Standard & Poor’s Ratings Services continues to hold a stable outlook on the managed care industry into the 2008, despite potential problems.
S&P, a division of the McGraw-Hill Companies, New York, thinks health insurers will be nervous about the results of next year’s elections. They wonder if a new administration in Washington would begin health care reforms that fundamentally change their business models or profitability, S&P says.
The industry is aware that its growth prospects have narrowed significantly, particularly in the commercial markets, and consolidation has left few weak players from which to take business, the rating service notes.
“As a result, managed care companies are now focusing on the promise of new products, such as consumer-directed health plans, policies for the self-employed and policies for healthy, uninsured young adults,” according to the new S&P report, “2008 U.S. Managed Care Insurer Outlook.”

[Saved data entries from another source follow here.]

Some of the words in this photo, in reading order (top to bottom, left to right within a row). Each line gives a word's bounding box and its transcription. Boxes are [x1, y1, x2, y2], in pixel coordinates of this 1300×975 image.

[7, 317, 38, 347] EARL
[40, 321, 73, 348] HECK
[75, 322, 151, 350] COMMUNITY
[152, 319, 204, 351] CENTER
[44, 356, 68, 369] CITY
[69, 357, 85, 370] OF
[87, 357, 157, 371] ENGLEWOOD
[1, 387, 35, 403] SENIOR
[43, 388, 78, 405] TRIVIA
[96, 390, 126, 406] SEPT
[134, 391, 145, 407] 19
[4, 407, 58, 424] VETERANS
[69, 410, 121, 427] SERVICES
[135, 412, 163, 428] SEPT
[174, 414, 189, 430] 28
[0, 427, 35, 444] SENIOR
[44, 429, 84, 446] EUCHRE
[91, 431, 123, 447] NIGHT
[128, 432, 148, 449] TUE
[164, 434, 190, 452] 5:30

Health insurers are pushing into the small-business market, where health insurance is often strictly a voluntary benefit rather than employer-paid, and are looking to sell more insurance to individuals, where underwriting skills are critical to product success.
“Most growth in recent years has been through Medicare Advantage, Medicare Part D, and Medicaid programs,” S&P states. “Finding new lines of business or new geographic areas in which to operate will become increasingly important for health insurers, and those factors will receive increased emphasis in our ratings evaluations.”
Earnings for managed care companies have slowed. Although there are opportunities for increased profitability through small mergers and cost control, “the industry is past the peak of its cycle,” says S&P.